Ancient History & Civilisation

Free movement

The cultural interaction that defined the Roman Empire was not something that took place only within peoples’ heads, whether humble potters or ancient theorists. And it was not merely a matter of different local accommodations to the power of Rome, although that was an important part of it. There were also massive movements of peoples and goods across the empire, which intensified this cultural diversity while bringing enormous profits to some and making victims out of others.

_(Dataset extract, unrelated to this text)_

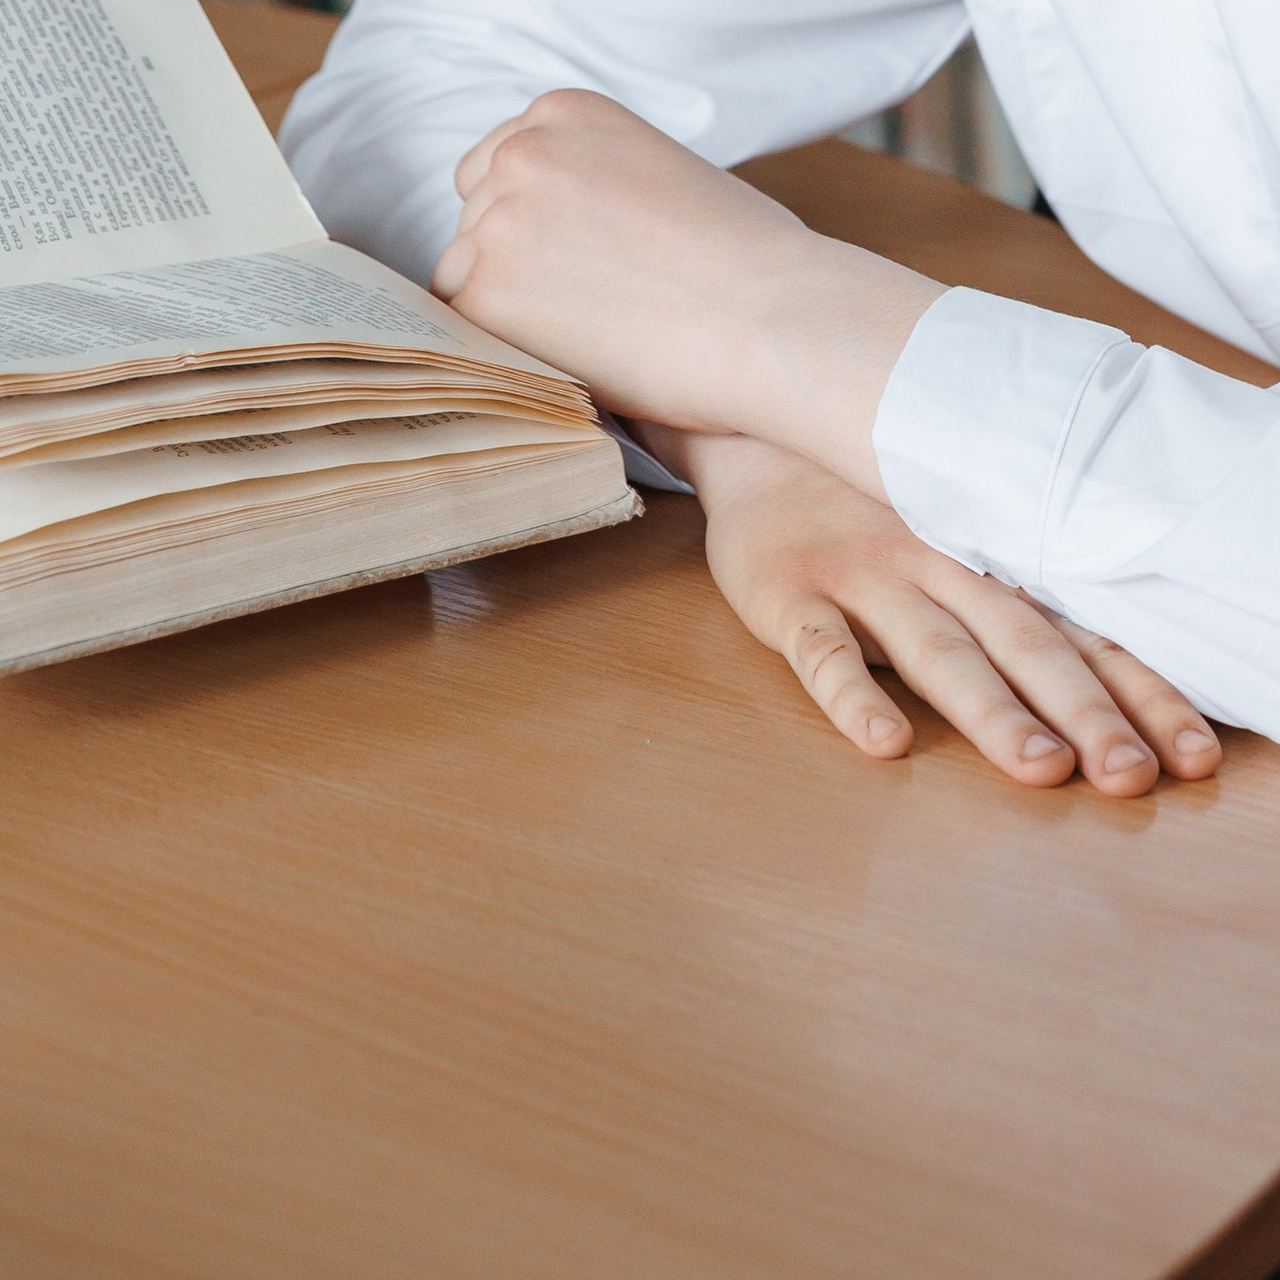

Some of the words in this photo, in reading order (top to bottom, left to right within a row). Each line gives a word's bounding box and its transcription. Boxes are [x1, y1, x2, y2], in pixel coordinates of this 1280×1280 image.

[6, 223, 24, 251] стол
[31, 220, 48, 245] Как
[44, 221, 61, 243] Вот

This was a world in which people could, as never before on this scale, make their homes, their fortunes or their graves thousands of miles away from where they were born; in which the population of Rome relied on basic food grown at the edges of the empire; and in which trade distributed new tastes, smells and luxuries – spices, ivory, amber and silks – from one end of the Mediterranean to the other and beyond, and not only to the super-rich. Among the precious possessions of a fairly ordinary house in Pompeii was a delicate ivory figurine made in India; and a document from Vindolanda shows that quantities of pepper, from the Far East, were being sold to the garrison there.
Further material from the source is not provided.